Building my own Static Site Generator

Published:

Anyone who's been following my blog may have noticed it recently moved home, and got a complete redesign.

This all happened because of my decisions to dogfood my own static site generator.

A what, now?

In case you've been out of the loop, a static site generator is a program which allows you to have a CMS, without running a CMS.

You write all your content, keep it stashed safely in a source control, and then run a program that converts it all to static HTML pages.

It's really the natural progression from heavily caching dynamically generated sites.

When all your content are static, why put in the work to render it each time?

Why your own?

OK, so besides the fact I an a chronic wheel reinventer... no, actually, that was it.

I'd seen these tools around, and tried to imagine what I thought one would need to provide to be useful.

My first attempt, graaf, was functional, but revealed I didn't understand the problem space all that well.

It had no way to build navigation, for instance. Every page was rendered in isolation.

Take 2

After a friend discussed an idea for a service based on SSGs, I decided to take another pass at the problem.

This time:

  1. Pages and Content would be kept separate.

    Sometimes you have content in your site that is shared amongst other parts of the site, and not rendered directly as a page on its own. Navigation is an obvious example here.

  2. Object types and file types are separate.

    Just because you read a .yml file, doesn't mean all YAML files should be rendered the same way.

  3. Plugins

    Besides the absolute minimum, all file loaders, content types, and else will be supplied by plugins.

The result?

Introducing gilbert !

It uses my own stencil template engine - and in using this, has prompted some significant improvements to the stencil template syntax!

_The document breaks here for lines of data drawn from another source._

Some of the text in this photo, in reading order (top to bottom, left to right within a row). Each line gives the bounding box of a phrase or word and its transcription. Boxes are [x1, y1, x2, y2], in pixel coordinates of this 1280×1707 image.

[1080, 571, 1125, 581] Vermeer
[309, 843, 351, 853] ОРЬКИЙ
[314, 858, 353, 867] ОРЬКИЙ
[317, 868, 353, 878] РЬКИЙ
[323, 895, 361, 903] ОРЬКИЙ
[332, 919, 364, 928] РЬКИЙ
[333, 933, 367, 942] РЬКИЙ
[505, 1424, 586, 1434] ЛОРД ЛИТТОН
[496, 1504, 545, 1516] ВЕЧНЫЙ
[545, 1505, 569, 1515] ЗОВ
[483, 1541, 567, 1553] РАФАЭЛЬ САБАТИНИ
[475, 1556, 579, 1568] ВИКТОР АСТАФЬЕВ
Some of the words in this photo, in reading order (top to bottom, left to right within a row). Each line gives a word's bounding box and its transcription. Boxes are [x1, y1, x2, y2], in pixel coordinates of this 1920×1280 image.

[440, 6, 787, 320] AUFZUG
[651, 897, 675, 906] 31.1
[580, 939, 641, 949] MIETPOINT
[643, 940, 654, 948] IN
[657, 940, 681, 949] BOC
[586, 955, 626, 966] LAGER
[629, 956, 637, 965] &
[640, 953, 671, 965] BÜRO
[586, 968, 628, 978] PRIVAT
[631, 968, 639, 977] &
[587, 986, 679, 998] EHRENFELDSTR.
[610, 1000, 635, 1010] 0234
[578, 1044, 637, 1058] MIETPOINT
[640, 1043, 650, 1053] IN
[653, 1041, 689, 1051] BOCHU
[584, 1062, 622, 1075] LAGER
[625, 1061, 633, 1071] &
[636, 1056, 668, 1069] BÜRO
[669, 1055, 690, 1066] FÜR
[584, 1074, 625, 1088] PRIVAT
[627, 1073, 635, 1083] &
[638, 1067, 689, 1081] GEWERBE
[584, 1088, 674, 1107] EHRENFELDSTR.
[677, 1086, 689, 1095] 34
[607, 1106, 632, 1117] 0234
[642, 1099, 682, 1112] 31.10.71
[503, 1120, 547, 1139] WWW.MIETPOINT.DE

A site has pages/, content, templates/, and produces docs/.

It can have a config.yml, which currently can provide defaults for ContentTypes. Nothing else uses it yet. This was the cleanest way I could see to solve problems like providing search paths for SCSS.

Any packages in the gilbert.plugins namespace are imported, allowing them to:

  1. define subclasses of gilbert.content.Content, automatically registered as new content ContentTypes.
  2. register new file loaders on the gilbert.Site class.
  3. register a context provider for adding globally accessible data to the template context.

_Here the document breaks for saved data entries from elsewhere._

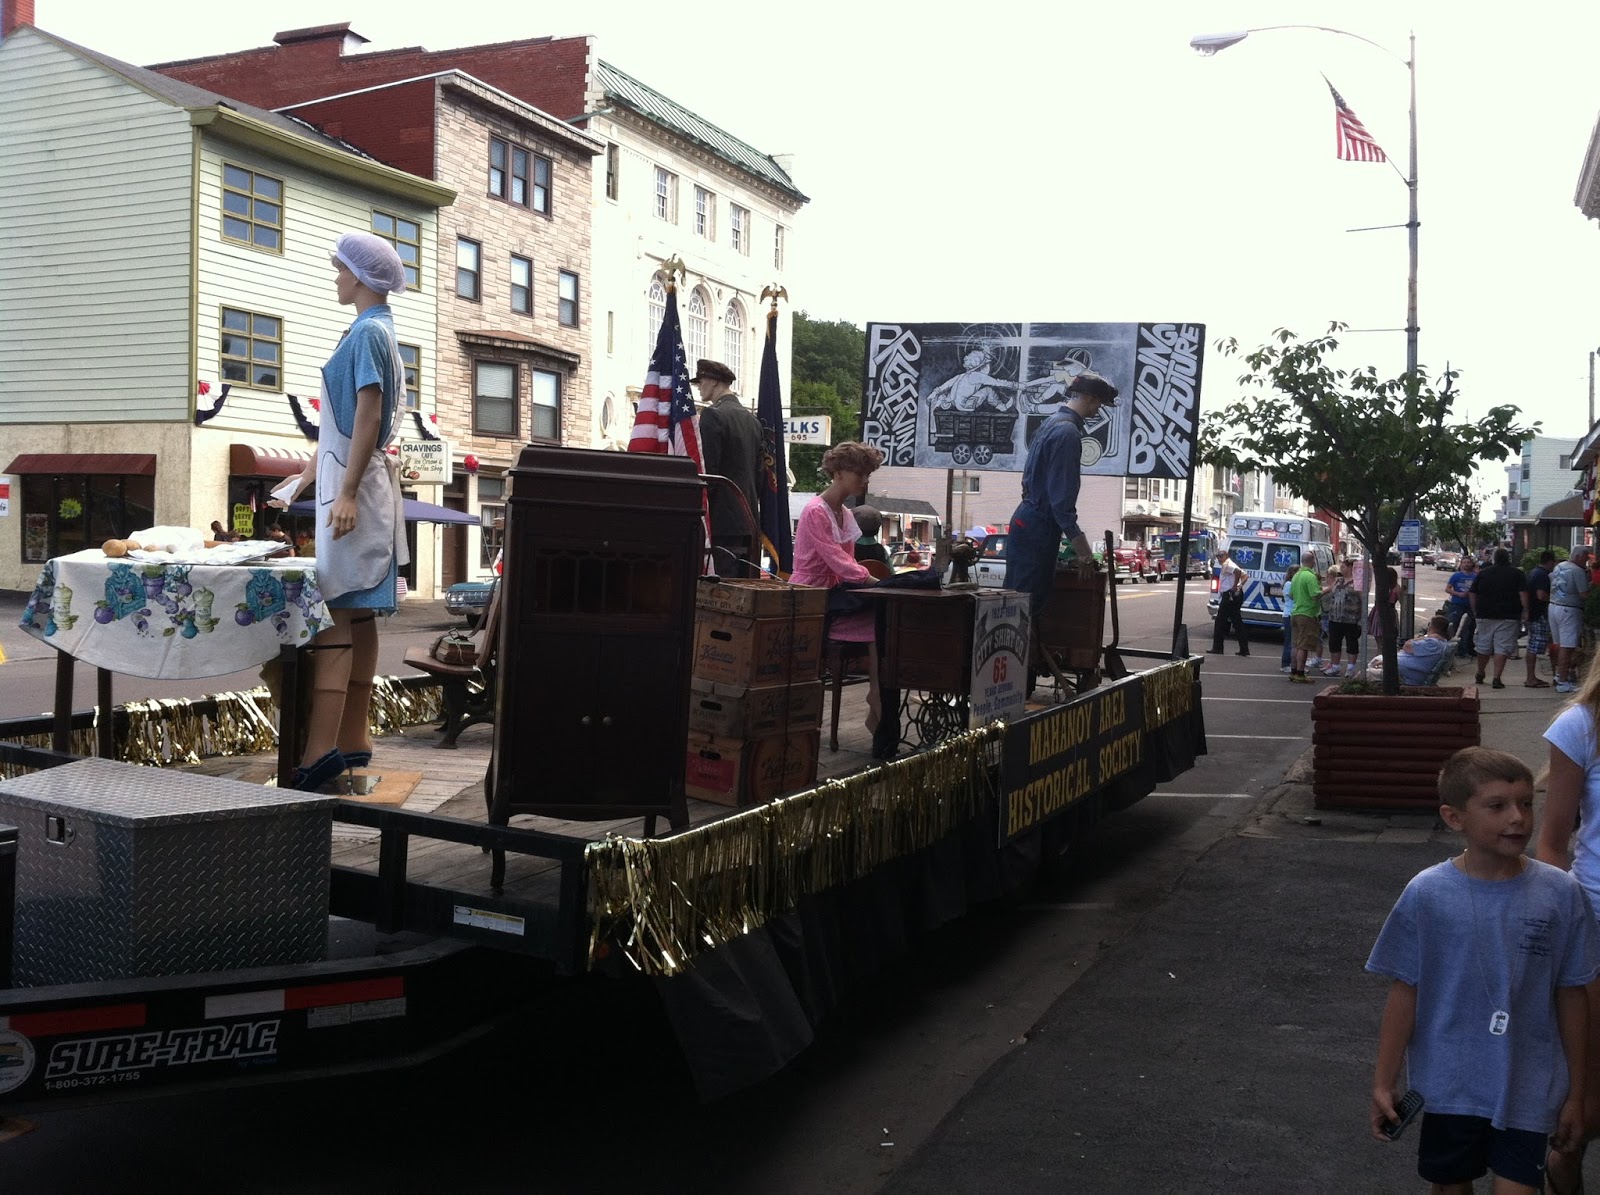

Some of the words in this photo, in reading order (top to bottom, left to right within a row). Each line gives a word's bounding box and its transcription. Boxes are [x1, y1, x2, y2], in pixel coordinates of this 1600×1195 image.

[1128, 323, 1178, 474] BUILDING
[1163, 323, 1199, 434] FUTURE
[402, 444, 442, 452] CRAVINGS
[783, 421, 819, 433] ELKS
[1155, 421, 1190, 478] THE
[976, 635, 992, 669] CITY
[994, 628, 1014, 650] SHIRT
[993, 655, 1008, 684] 65
[1029, 701, 1094, 766] MAHANOY
[1098, 688, 1126, 735] AREA
[1007, 758, 1091, 837] HISTORICAL
[1098, 728, 1141, 784] SOCIETY
[44, 1070, 141, 1091] 1-800-372-1755

Your site can also have a plugins.py which will be loaded after all the other plugins.

By default plugins are provided for:

Content objects

At its core, a Site is composed of Content objects. These extend a validated schema class created for the project. It uses python3 type annotations to allow you to declare attributes and their acceptable types, which will be validated on instantiation.

from datetime import datetime
from gilbert.content import Content

class MyContent(Content):
    name : str
    when : datetime

Now when a loaded files specifies it's a "MyContent" type, it MUST contain a name attribute which is a str, and a when that is a datetime. If not, an error will be raised, and rendering will stop.

This extends to python typing types. You can declare Container, Mapping, Union, and their variants.

Other constructs, such as Option, Any, or AnyStr are not yet supported, but should be easy to add.

Containers and Queries

On the Site object, there are two "containers", which hold the pages, and content.

Each of these provide a query interface called .matches(), allowing you to select content using a basic query language.

For instance, on this site I use a sub-class of Collection to build a list of blog posts.

all:
  - eq:
    - attr: ["content_type"]
    - "MarkdownPage"
  - startswith:
    - attr: ["name"]
    - "blog/"
  - attr: ['date']

This declares a top-level all() across 3 terms.

The first says the content_type attribute must equal "MarkdownPage".

The second says the name (original filename) must start with blog/.

And finally, it must have a date attribute.

Future Plans

Right now I'm not happy with the render speed, though a lot of that is actually the load speed, since MarkdownPage renders the markdown on load.

I would like to make the Content interface cleaner for separating intial content from rendered content, so it's easier to wrap in a one-shot property.

But most of all, I need other people to use it and tell me what's missing!